Companies that are at the top of the market, like Amazon or Walmart, can also help. They are much more adept at producing and distributing effectively because their supply chains are so strong, Omar says. Walmart’s response to Hurricane Katrina in 2005 is a prime example: the company provided $17 million in cash donations and $3 million worth of merchandise to help with disaster relief throughout Mississippi, Louisiana, and Texas.
“Their products don’t make them unique,” says Omar. “It’s their [robust] supply chains and the services they can offer. Other organizations in the public and private sector need to start planning for building capabilities like resilience into their supply chains in order to be ready for the next disruption. It’s not a matter of if it will take place but when.”
What we aren’t able to do very effectively, though, is rapidly track and trace products. With our baseline of current technology, we can’t always quickly access the data we need to make effective decisions within supply chains.
“If we need a lot of pallets or a piece of equipment in New York, and Texas has an extra supply, we can start reshuffling that, if needed,” explains Omar. “But that can’t happen unless we can get an overall sense of what ports exist where and make decisions accordingly.”
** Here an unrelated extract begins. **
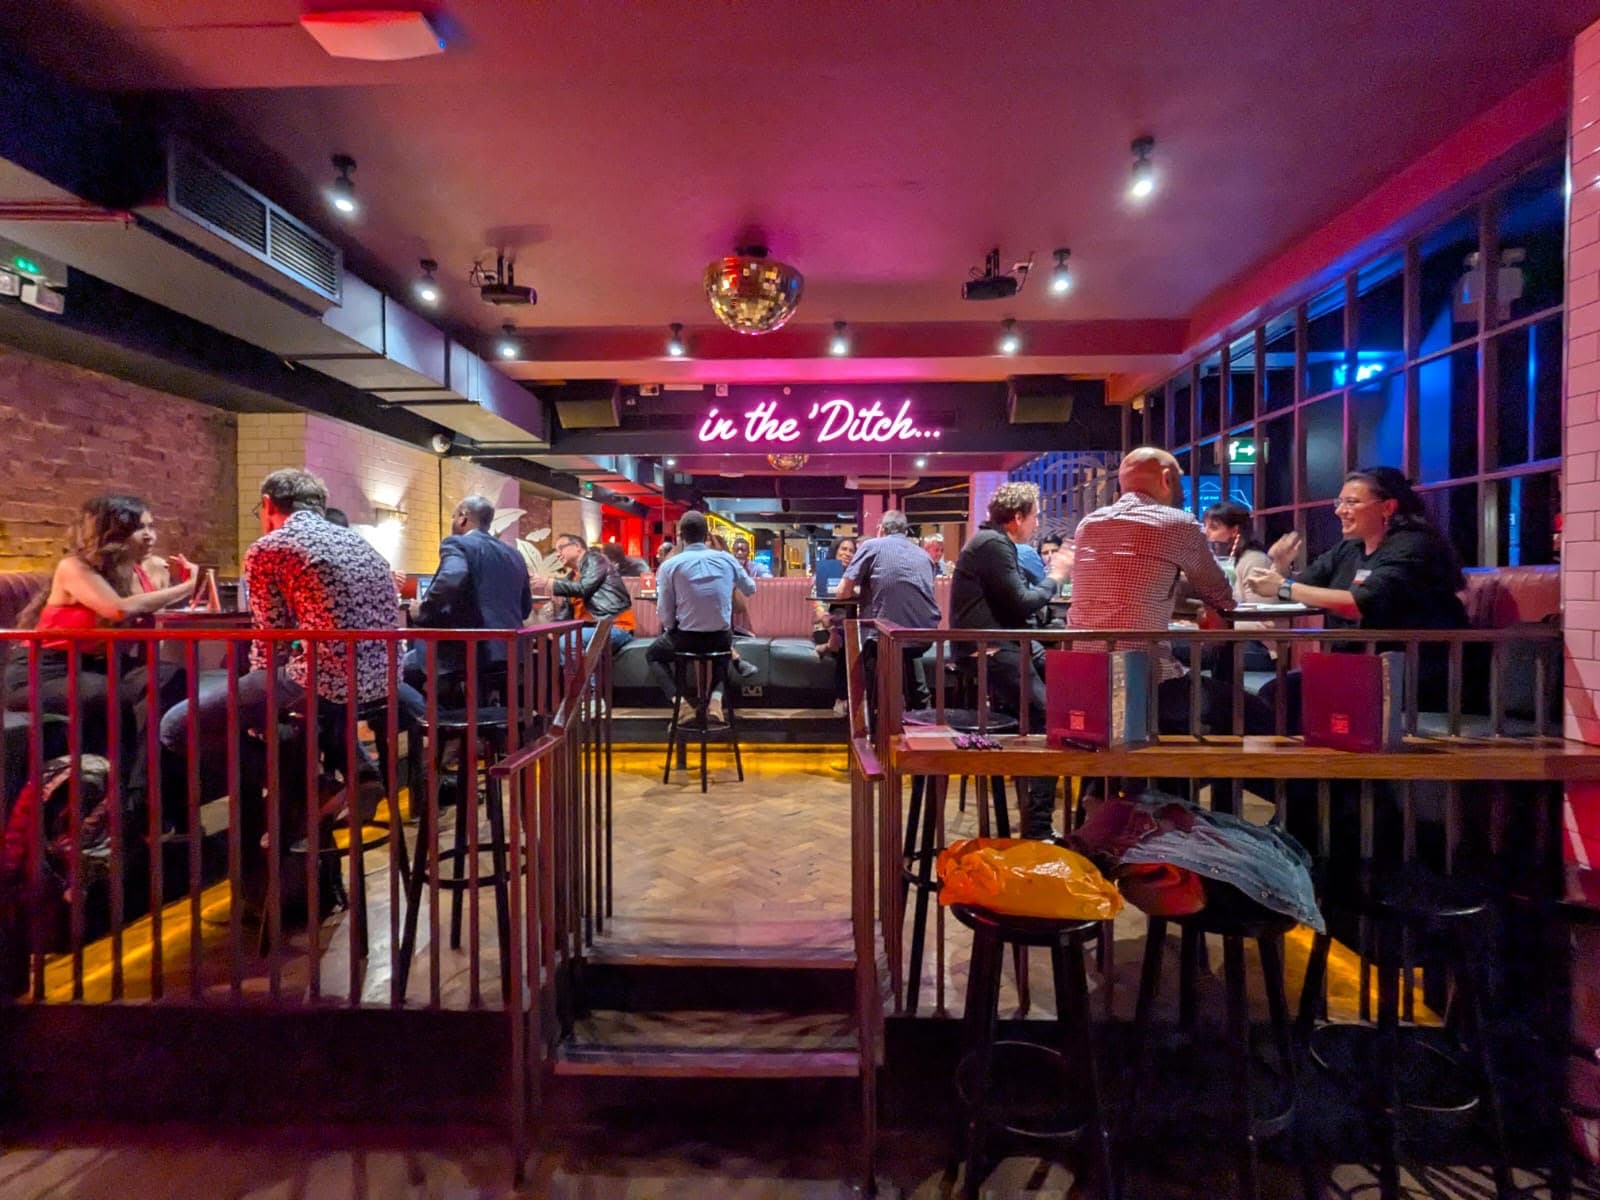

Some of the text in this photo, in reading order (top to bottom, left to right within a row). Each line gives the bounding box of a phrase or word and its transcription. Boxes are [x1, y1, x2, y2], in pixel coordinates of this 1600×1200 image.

Omar says blockchain, used in combination with other emerging technologies, is one solution. Blockchain, known best for its use as the underlying technology for cryptocurrencies, is built on a synchronized database called a “distributed ledger.” It stores digital information in multiple locations and updates it instantly and securely—a potentially life-saving capability for disaster relief.
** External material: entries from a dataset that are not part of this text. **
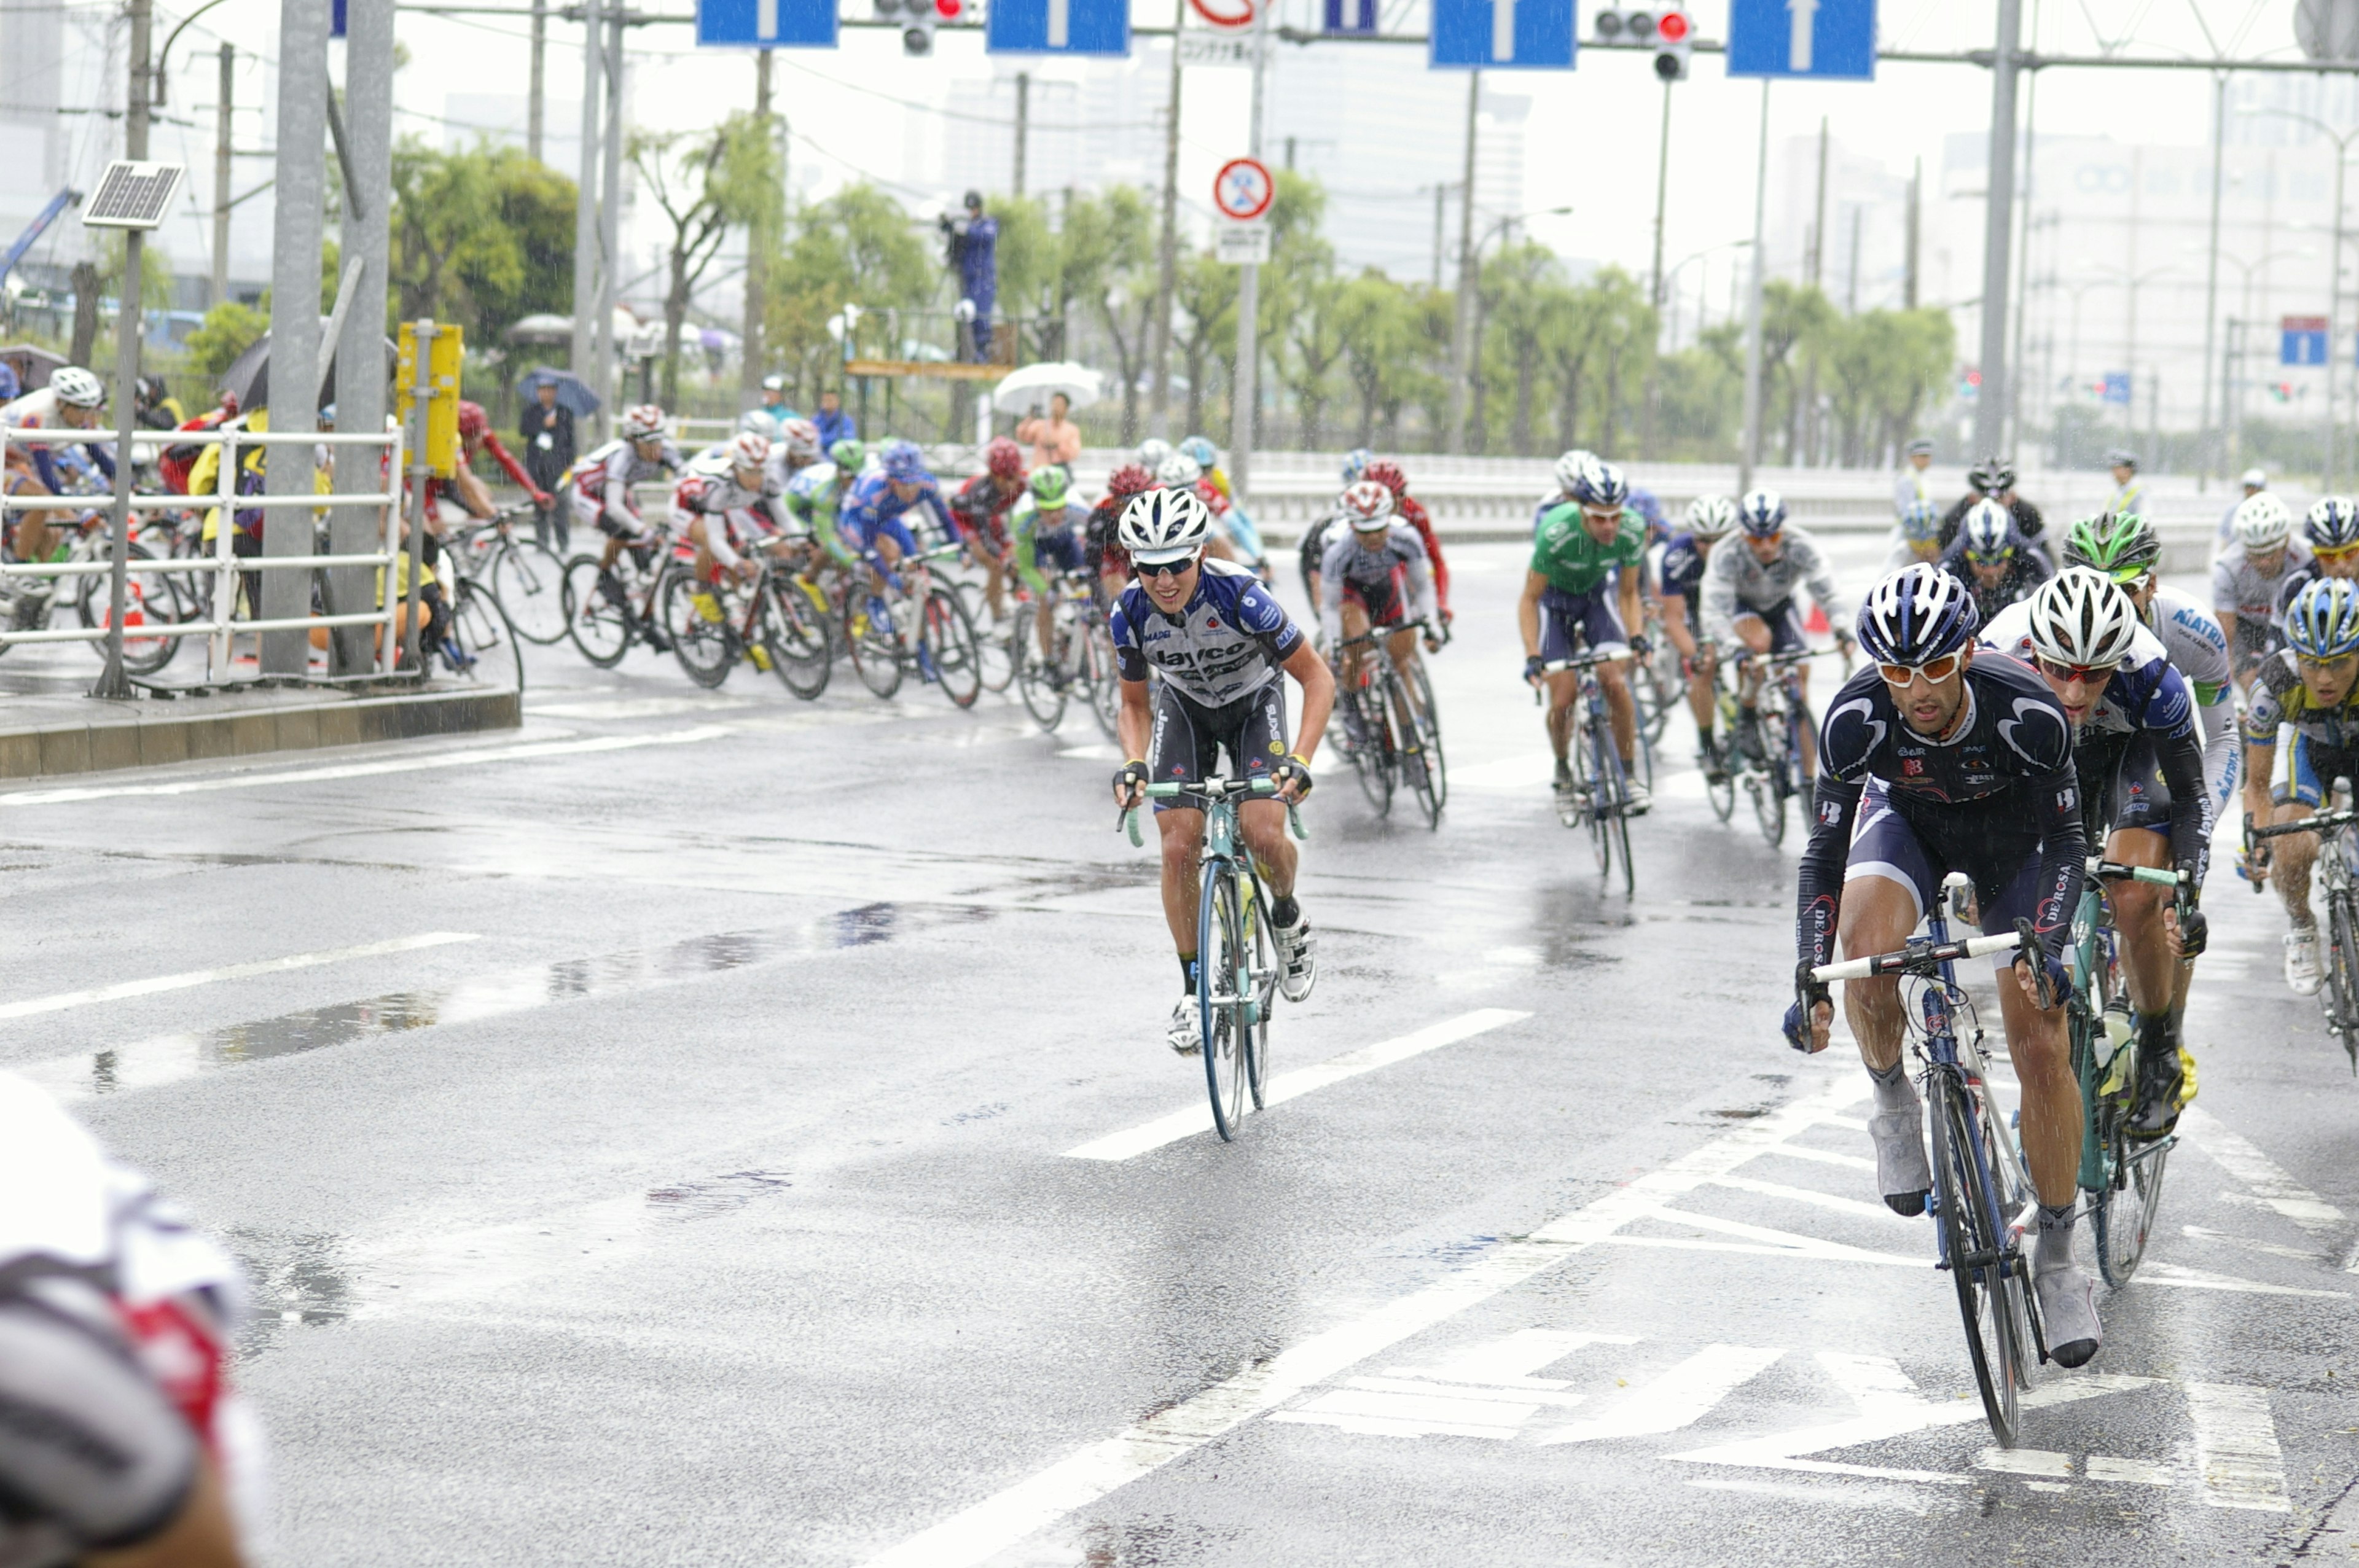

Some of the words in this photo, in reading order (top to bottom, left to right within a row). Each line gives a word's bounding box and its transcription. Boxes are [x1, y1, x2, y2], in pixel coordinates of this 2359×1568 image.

[2172, 609, 2226, 653] MATRIX
[1156, 642, 1246, 666] Jayco
[2216, 749, 2239, 802] MATRIX
[2053, 865, 2071, 902] ROSA
[1815, 909, 1826, 929] DE
[2046, 903, 2062, 921] DE
In “Blockchain: How Increasing Trust, Efficiency, and Transparency Can Save Lives,” Omar explains how blockchain can revolutionize emergency response, especially within the Federal Emergency Management Agency (FEMA), through monitoring, tracking, and paying for supplies; streamlining how to identify available beds, supplies, and medical care; and creating a secure donation system with internal audits to prevent fraud.
“It’s not just the ability to act. It’s the ability to act in the most timely and efficient manner,” says Omar.
Moving forward, Omar predicts we may also see companies transitioning to automation or user robotics. For some industries, this could be a way to mitigate future risks and solve disruptions in the supply chain. “One good thing that can come from this is that we’ll have to become much more creative with how we mitigate disruptions,” Omar says. “It doesn’t have to be substituting workers with technology that helps us. It could be restructuring our supply chains, companies having more production that’s closer to their own markets.”
In the meantime, there are a few things we can do. People can rationalize their purchases, making sure they are not buying excessively out of fear or anxiety. In some cases, businesses can team up with competition to share supplies and collaborate on distribution. Most importantly, though, we can stay home.
The longer this pandemic extends, the worse off we’ll be, says Omar. Opening the economy back up again has to correlate with a lower and declining number of cases. And the more we pretend this isn’t happening or it’s not a serious issue, the longer it will take us to recover.
“We can’t start working again just because we need the supplies,” says Omar. “In reality, if people keep getting sick, how can we expect to produce, sell, or ship products?
“The more people who are cautious and make sure they and others are safe, the faster we get through this, and the quicker supply chains will be back online.”